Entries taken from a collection
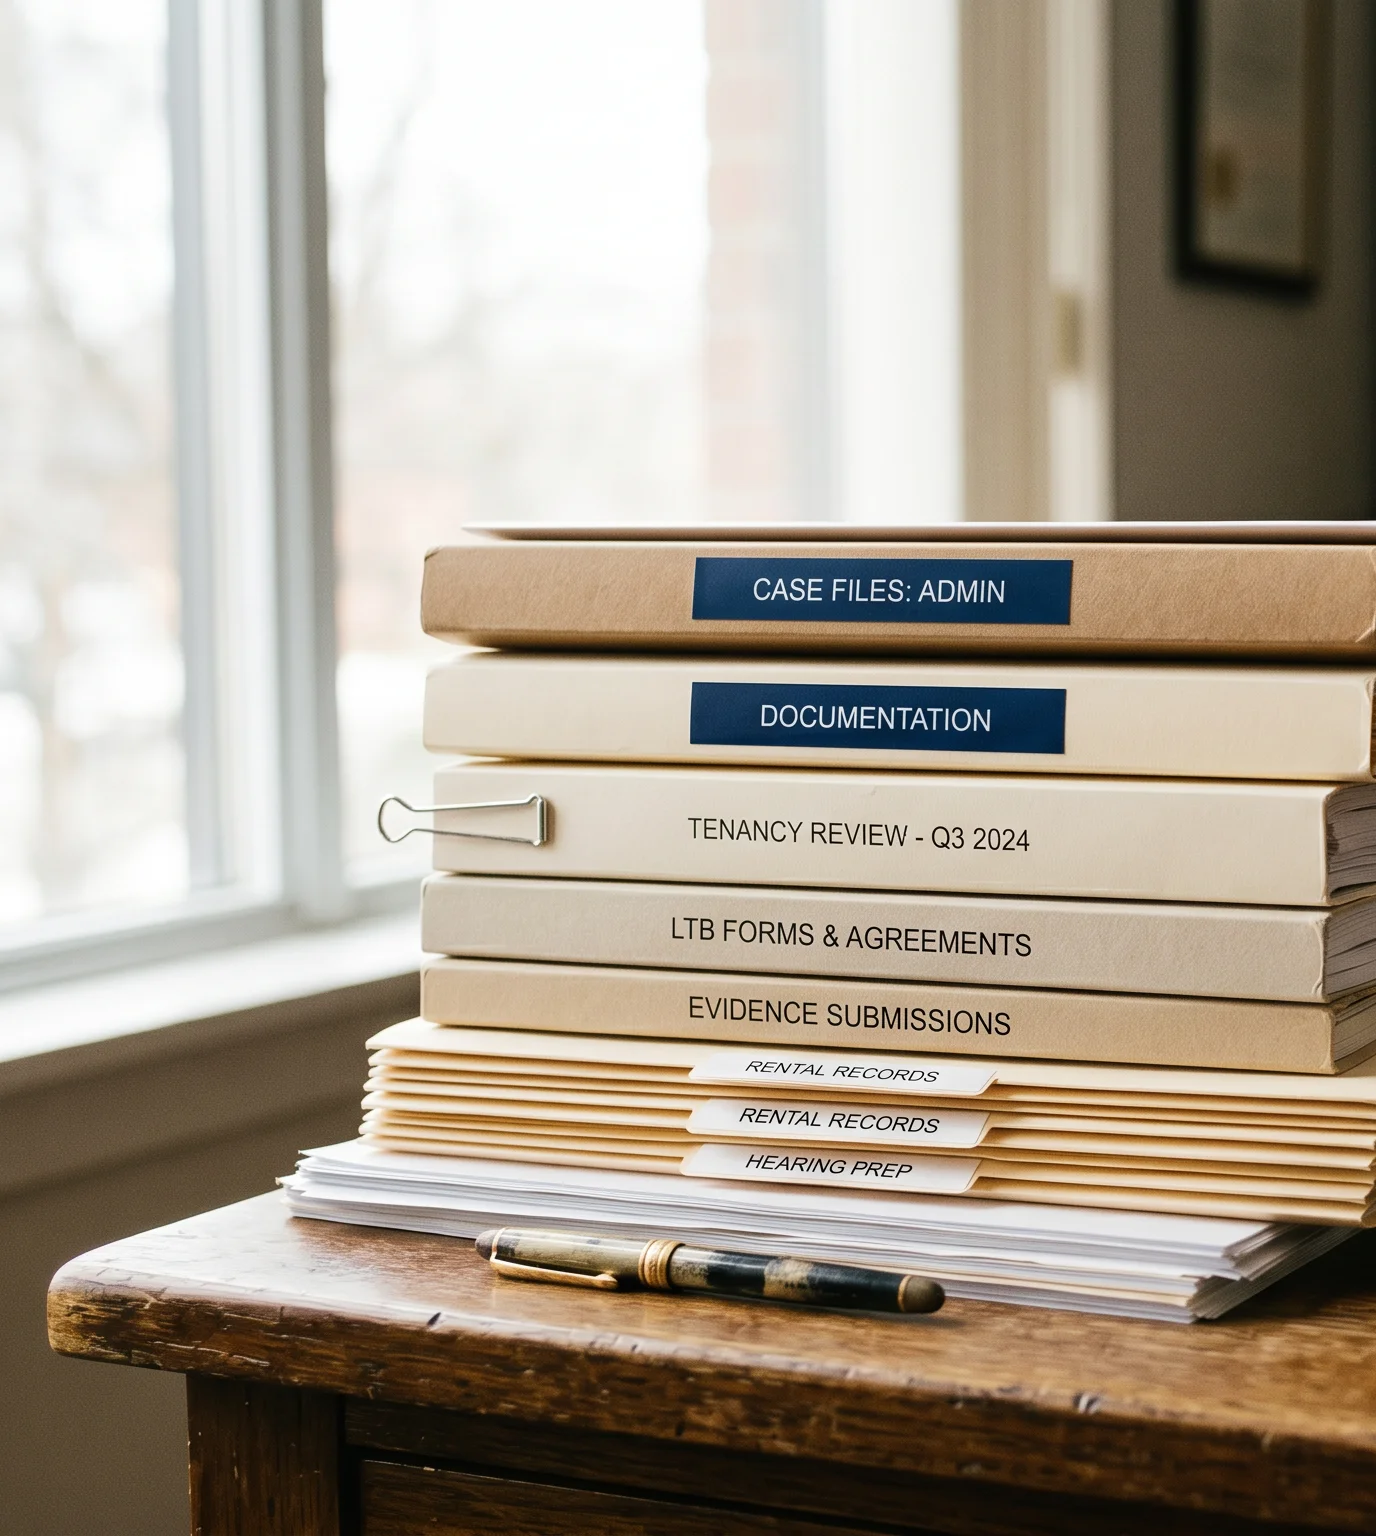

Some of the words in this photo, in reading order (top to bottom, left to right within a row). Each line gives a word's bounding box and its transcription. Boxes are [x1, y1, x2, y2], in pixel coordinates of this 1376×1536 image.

[753, 577, 824, 602] CASE
[830, 577, 912, 604] FILES:
[917, 579, 1006, 604] ADMIN
[760, 704, 991, 732] DOCUMENTATION
[687, 817, 804, 843] TENANCY
[811, 821, 909, 847] REVIEW
[931, 825, 965, 850] Q3
[973, 827, 1030, 852] 2024
[671, 916, 715, 941] LTB
[723, 919, 815, 947] FORMS
[822, 924, 840, 948] &
[845, 925, 1032, 958] AGREEMENTS
[689, 995, 819, 1026] EVIDENCE
[826, 1003, 1011, 1036] SUBMISSIONS
[744, 1060, 826, 1077] RENTAL
[832, 1066, 940, 1083] RECORDS
[739, 1108, 822, 1127] RENTAL
[828, 1113, 940, 1134] RECORDS
[745, 1154, 847, 1175] HEARING
[850, 1161, 913, 1179] PREP
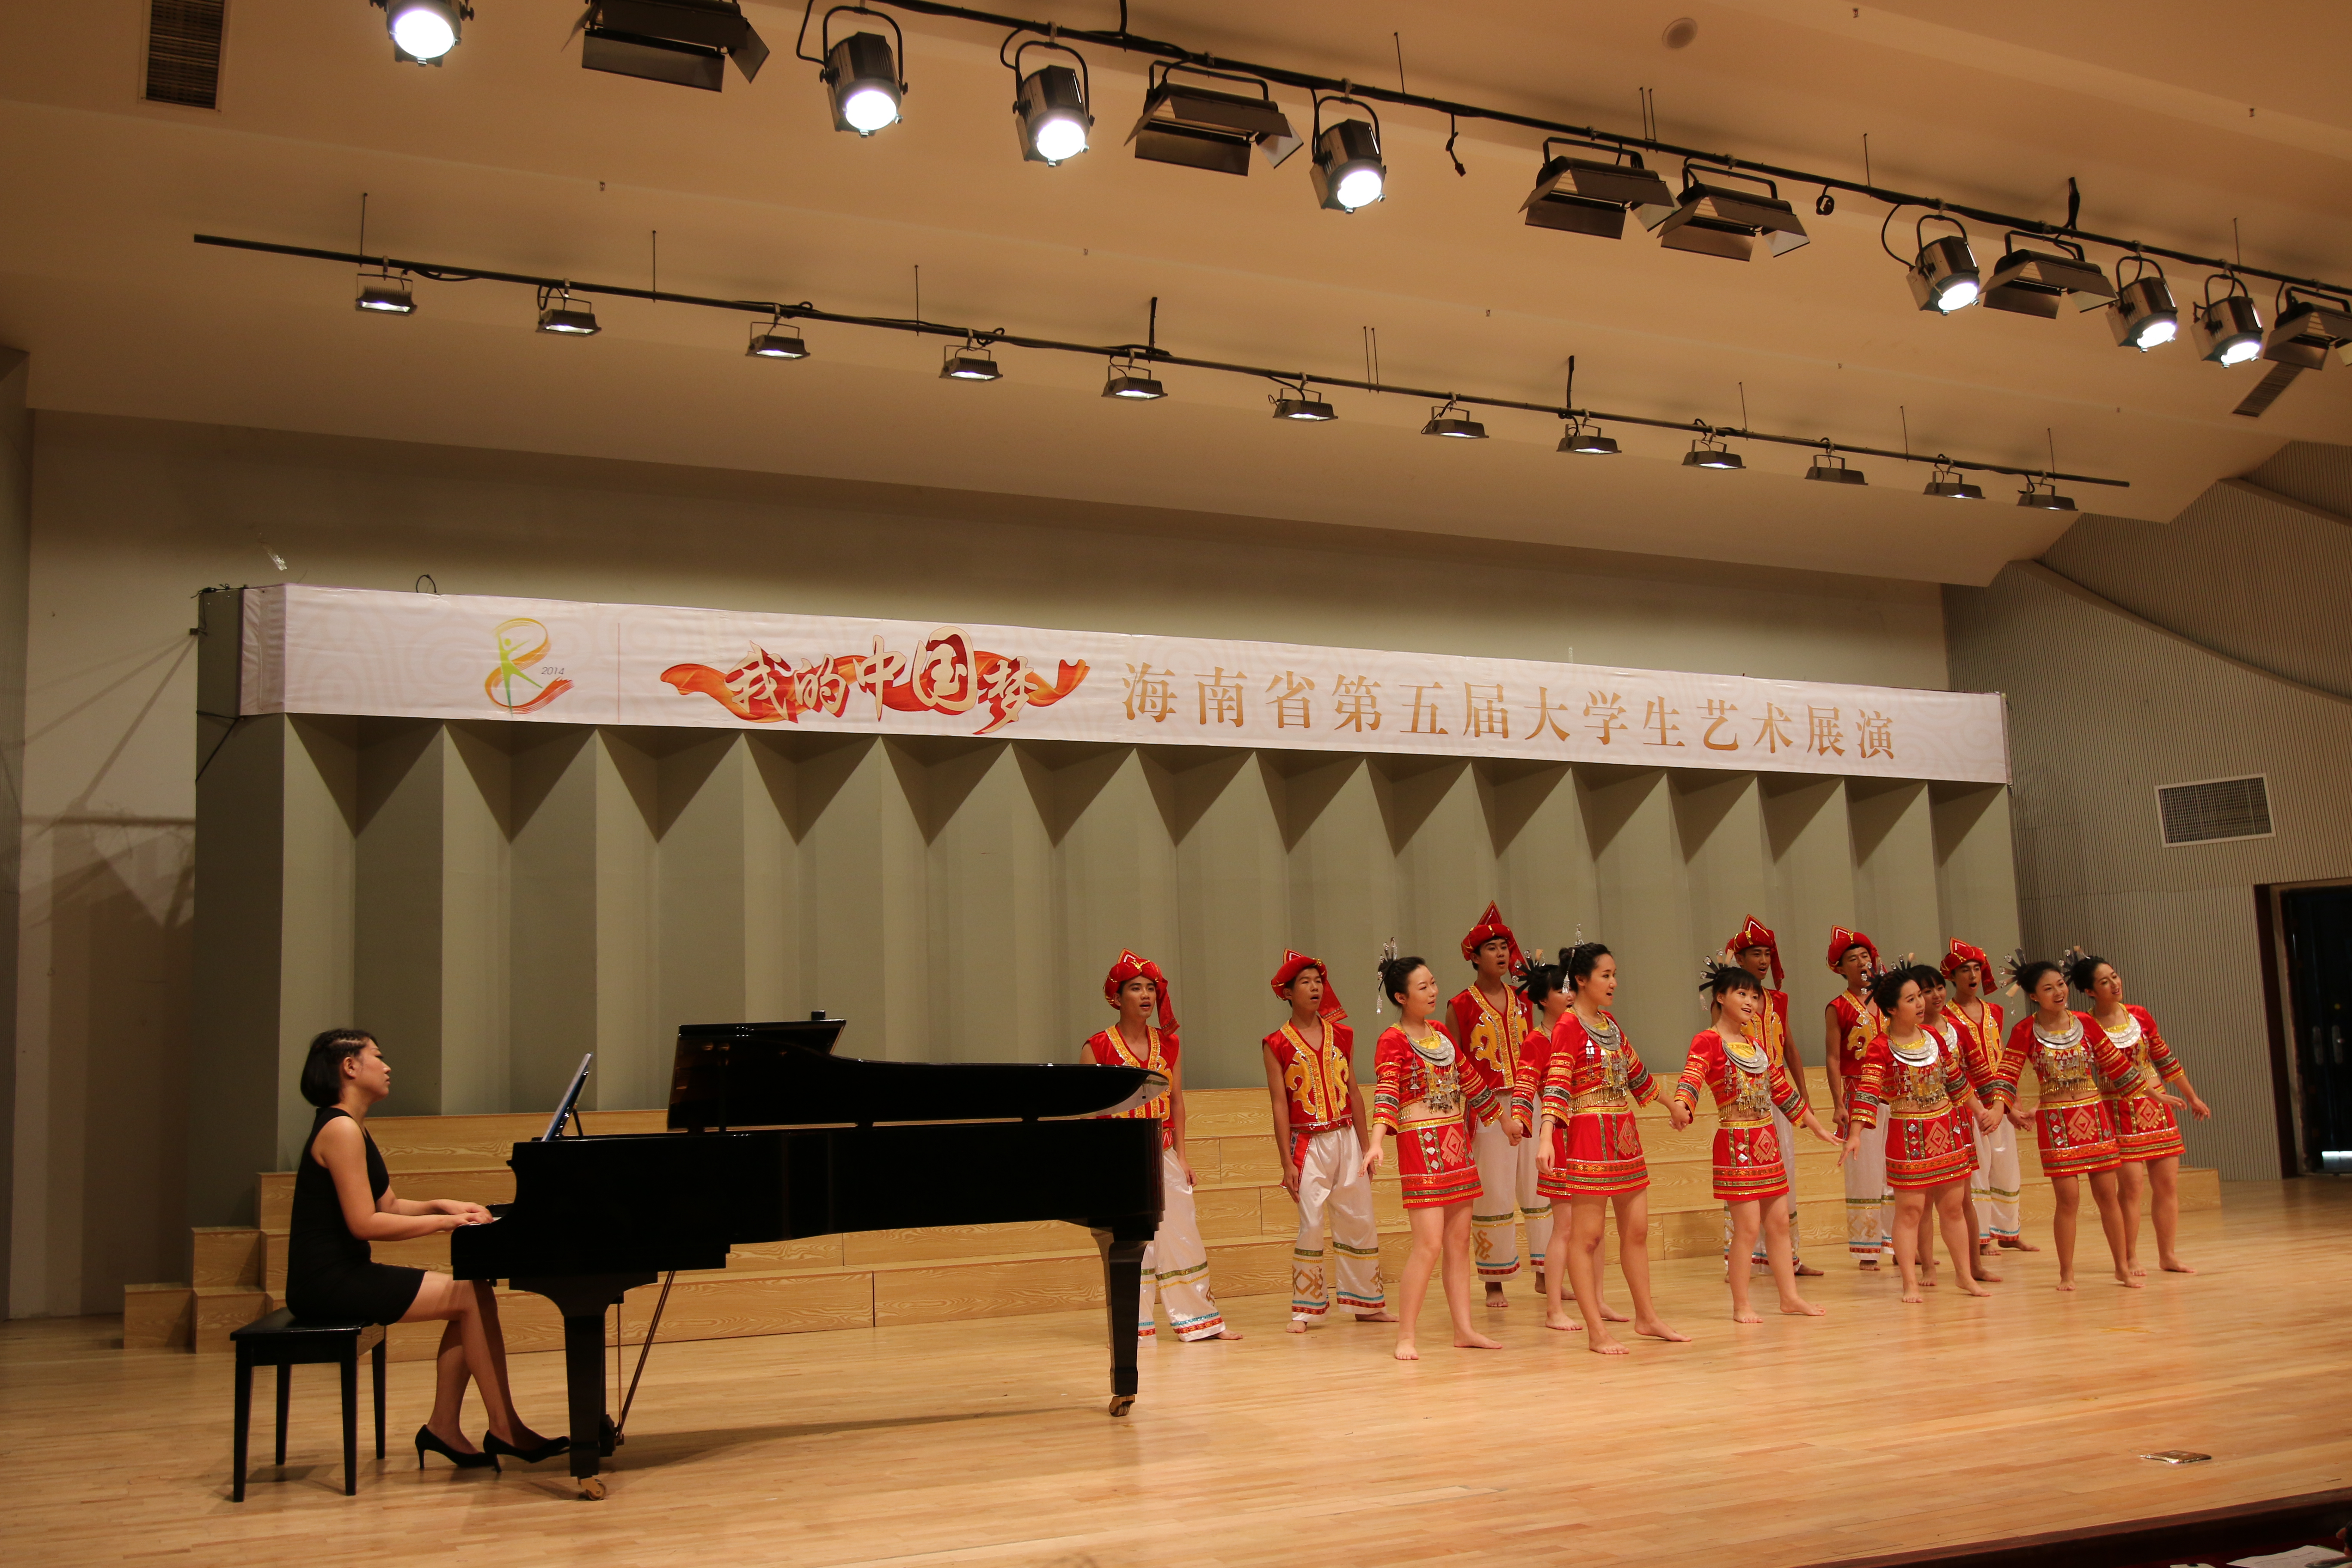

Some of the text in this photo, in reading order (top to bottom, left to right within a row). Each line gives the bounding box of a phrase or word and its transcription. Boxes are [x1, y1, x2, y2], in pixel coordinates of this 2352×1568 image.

[541, 666, 564, 675] 2014
[725, 626, 1039, 735] 我的中国梦
[1121, 662, 1894, 760] 海南省第五届大学生艺术展演

→ **WHAT TO WORK ON**: Every line above should be duplicated exactly; the pictures are to be left out.

→ **TASK ANSWER**:
Some of the words in this photo, in reading order (top to bottom, left to right within a row). Each line gives a word's bounding box and its transcription. Boxes are [x1, y1, x2, y2], in pixel coordinates of this 1376×1536 image.

[753, 577, 824, 602] CASE
[830, 577, 912, 604] FILES:
[917, 579, 1006, 604] ADMIN
[760, 704, 991, 732] DOCUMENTATION
[687, 817, 804, 843] TENANCY
[811, 821, 909, 847] REVIEW
[931, 825, 965, 850] Q3
[973, 827, 1030, 852] 2024
[671, 916, 715, 941] LTB
[723, 919, 815, 947] FORMS
[822, 924, 840, 948] &
[845, 925, 1032, 958] AGREEMENTS
[689, 995, 819, 1026] EVIDENCE
[826, 1003, 1011, 1036] SUBMISSIONS
[744, 1060, 826, 1077] RENTAL
[832, 1066, 940, 1083] RECORDS
[739, 1108, 822, 1127] RENTAL
[828, 1113, 940, 1134] RECORDS
[745, 1154, 847, 1175] HEARING
[850, 1161, 913, 1179] PREP

Some of the text in this photo, in reading order (top to bottom, left to right within a row). Each line gives the bounding box of a phrase or word and its transcription. Boxes are [x1, y1, x2, y2], in pixel coordinates of this 2352×1568 image.

[541, 666, 564, 675] 2014
[725, 626, 1039, 735] 我的中国梦
[1121, 662, 1894, 760] 海南省第五届大学生艺术展演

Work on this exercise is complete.